R Packages¶
Before we get to data frames, we first need to briefly discuss packages in R.
In its most basic form, the R language contains a set of commands and functionality that are collectively referred to as base R. Any time you run R code, you will always have access to these base commands. However, you can import additional functionality by installing and loading packages that expand what the R language can do. The R community has developed an immense number of packages that can help with nearly any type of analysis you can think of.
It is not always clear when to import a package and when to rely on base R. Your repertoire of packages will grow with experience. However, as a first step it would be helpful to review the list of the most popular R packages here. Throughout the book we will showcase a variety of different packages, many of which are on this list. Beyond the book, your best resource is Google - whenever you want to perform a new type of analysis, start by Googling to see if a relevant R package already exists.
In general, there are two steps you must complete to use a package in R:
Install the package using the
install.packages()
function. To use a package in R, that package must be installed on the machine where you are running your code.Load the package into your working R session using the
library()
function. Once the package is installed, you need to load it into your R session.

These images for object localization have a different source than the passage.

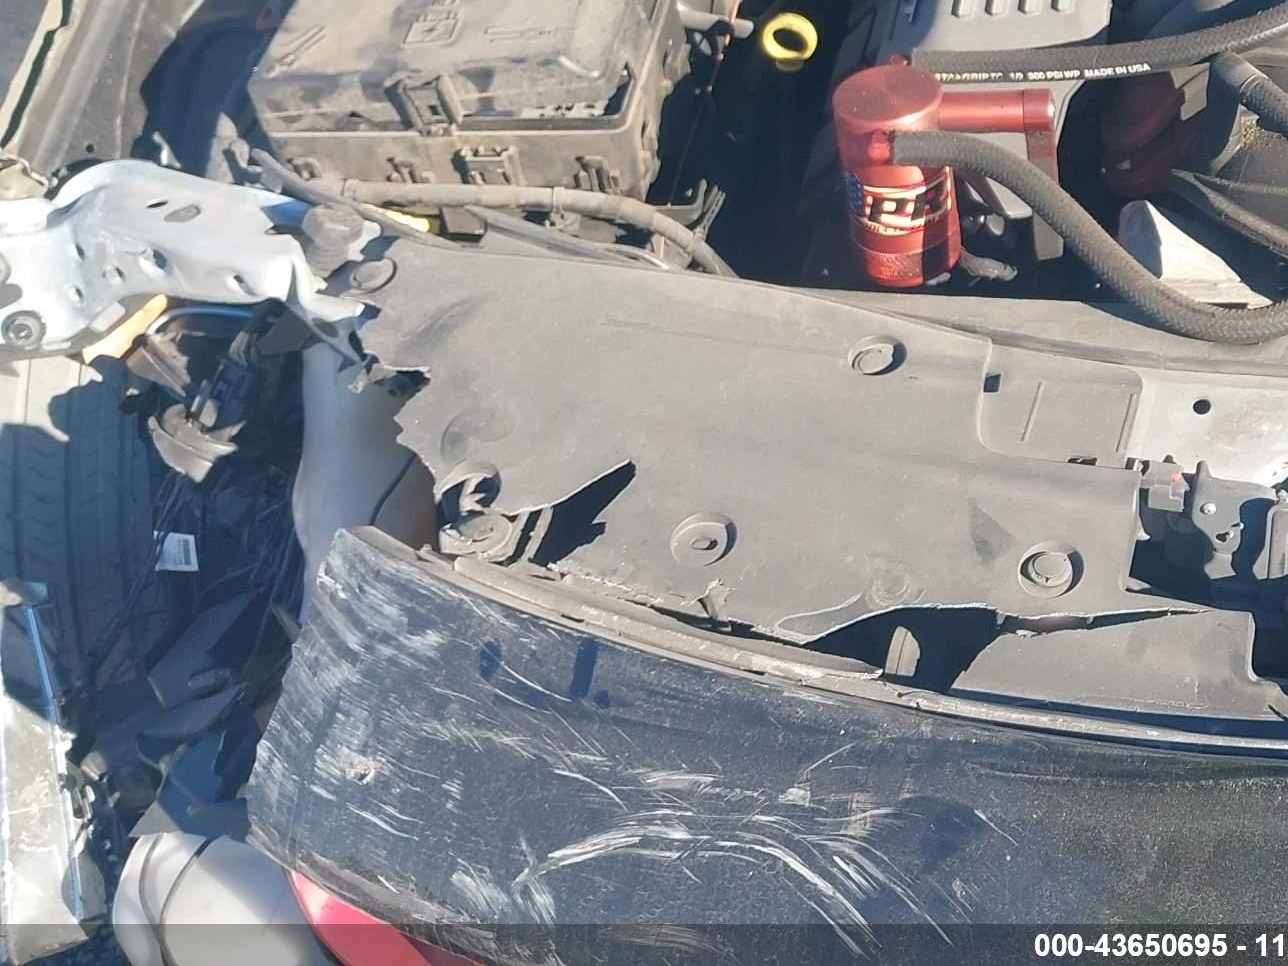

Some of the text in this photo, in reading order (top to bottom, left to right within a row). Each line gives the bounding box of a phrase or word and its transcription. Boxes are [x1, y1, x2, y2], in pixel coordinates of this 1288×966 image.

[1027, 71, 1045, 80] 300
[1046, 70, 1063, 80] PSI
[1063, 69, 1081, 79] WP
[1084, 67, 1115, 77] MADE
[1115, 66, 1127, 75] IN
[1128, 63, 1151, 74] USA

Below is the general syntax for installing and loading a package:
Syntax
install.packages("packageName")
library(packageName)
For example, if we wanted to use the psych
package (information here), we would run the following code:
install.packages("psych") # Install the package
library(psych) # Load the package in the current R session
Note that in the install.packages()
function, the package name needs to be in quotation marks ("psych"
), but in the library()
function it should not be in quotation marks.
Once a package is installed on a machine, it does not need to be re-installed in the future. This means that if you run your code on the same computer all the time, you will only need to run the install.packages()

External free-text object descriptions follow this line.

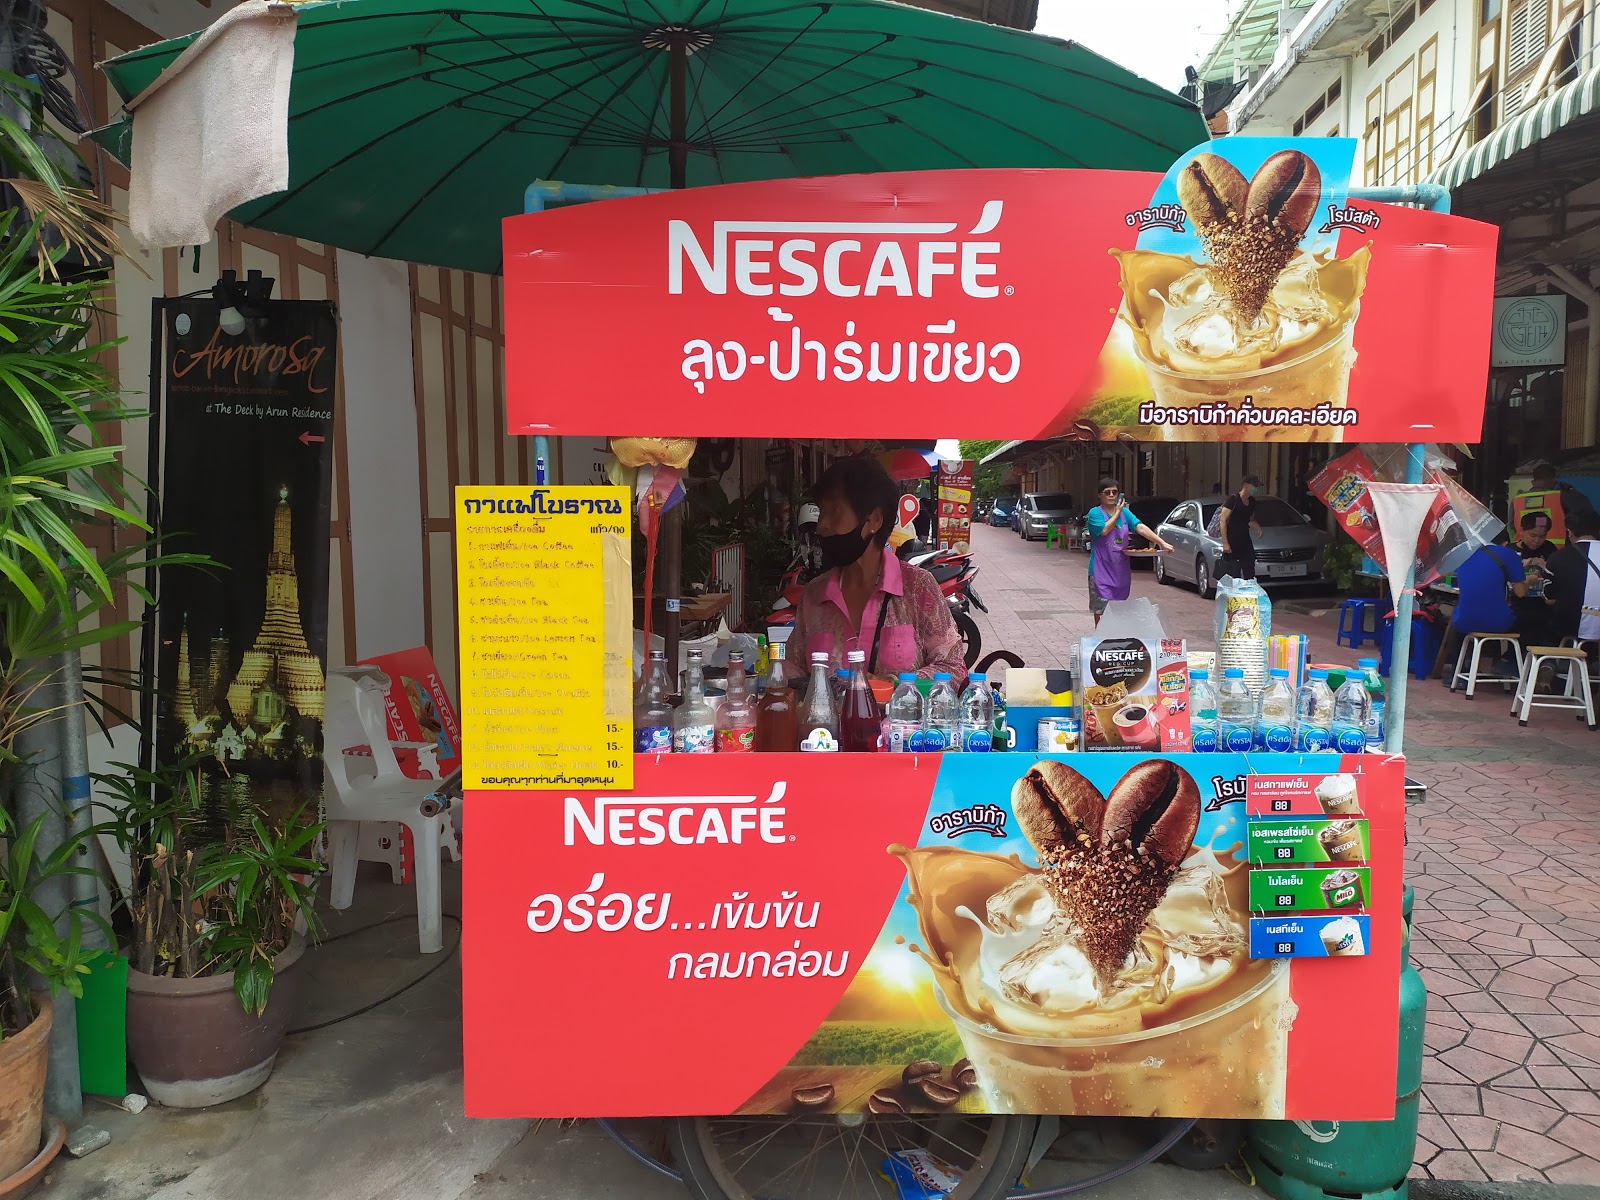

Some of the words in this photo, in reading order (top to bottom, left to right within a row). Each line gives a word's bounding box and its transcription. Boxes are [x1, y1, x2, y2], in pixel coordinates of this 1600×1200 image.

[1125, 202, 1187, 227] อาราบิก้า
[1328, 205, 1381, 230] โรบัสต้า
[668, 200, 1004, 298] NESCAFÉ
[681, 306, 1021, 395] ลุง-ป้าร่มเขียว
[172, 325, 328, 394] Amorosa
[205, 404, 213, 413] at
[214, 402, 232, 414] The
[236, 403, 254, 416] Deck
[255, 403, 264, 419] by
[265, 405, 288, 417] Arun
[291, 406, 332, 420] Residence
[1138, 396, 1359, 426] มีอาราบิก้าคั่วบดละเอียด
[464, 489, 622, 515] กาแฟโบราณ
[543, 541, 574, 551] Coffee
[533, 560, 560, 569] Black
[563, 560, 595, 569] Coffee
[531, 597, 548, 606] Tea
[542, 615, 569, 624] Black
[573, 615, 589, 625] Tea
[544, 634, 576, 643] Lemon
[580, 633, 597, 643] Tea
[552, 652, 568, 661] Tea
[1095, 645, 1144, 662] NESCAFÉ
[539, 670, 570, 679] Cocoa
[606, 723, 624, 733] 15.-
[606, 741, 624, 751] 15.-
[606, 760, 624, 769] 10.-
[1254, 777, 1309, 789] เนสกาแฟเย็น
[1274, 801, 1288, 811] 88
[565, 781, 787, 846] NESCAFÉ
[931, 803, 1006, 835] อาราบิก้า
[1252, 825, 1314, 838] เอสเพรสโซ่เย็น
[1277, 848, 1291, 858] 88
[1268, 875, 1304, 887] ไมโลเย็น
[1278, 895, 1292, 905] 88
[1336, 889, 1353, 902] MILO
[1266, 923, 1304, 934] เนสทีเย็น
[1278, 943, 1291, 953] 88
[667, 940, 850, 980] กลมกล่อม

function once (the first time you use the package). Then, each subsequent time you use the package, it will already be installed and you can simply load it with the library()
function.
Every time we introduce a new function that comes from an external package and is not part of base R, we will write the syntax as package::function()
. For example, the psych
package contains a useful function called describe()
that calculates a variety of summary statistics for each variable in a data frame. We would write the syntax of this function as follows:
Syntax
psych::describe(x, digits = 2, na.rm = TRUE)
Required arguments
x
: A data frame.
Optional arguments
digits
: The number of significant digits to report.na.rm
: Whether to ignore missing values (NA
).
The tidyverse¶
Throughout the course, we will rely on a collection of R packages known as the tidyverse (Wickham et al. 2019). The tidyverse packages were designed to create a streamlined workflow in R for data manipulation, exploration, and visualization. Everything that we will do with the tidyverse could be accomplished in base R. However, the tidyverse provides an elegant and efficient workflow that makes many of these tasks significantly easier and more efficient.
Because we will use the tidyverse so heavily throughout the course, we will always start by loading the tidyverse into our working R session with:
library(tidyverse)
Registered S3 methods overwritten by 'ggplot2':
method from
[.quosures rlang
c.quosures rlang
print.quosures rlang
Registered S3 method overwritten by 'rvest':
method from
read_xml.response xml2
-- Attaching packages --------------------------------------- tidyverse 1.2.1 --
v ggplot2 3.1.1 v purrr 0.3.2
v tibble 2.1.1 v dplyr 0.8.0.1
v tidyr 0.8.3 v stringr 1.4.0
v readr 1.3.1 v forcats 0.4.0
-- Conflicts ------------------------------------------ tidyverse_conflicts() --
x ggplot2::%+%() masks psych::%+%()
x ggplot2::alpha() masks psych::alpha()
x dplyr::filter() masks stats::filter()
x dplyr::lag() masks stats::lag()
Loading the tidyverse
package prints a variety of messages to the screen, which can be ignored. If you fail to load the tidyverse at the start of an R session, you will get an error when trying to use functions from the tidyverse.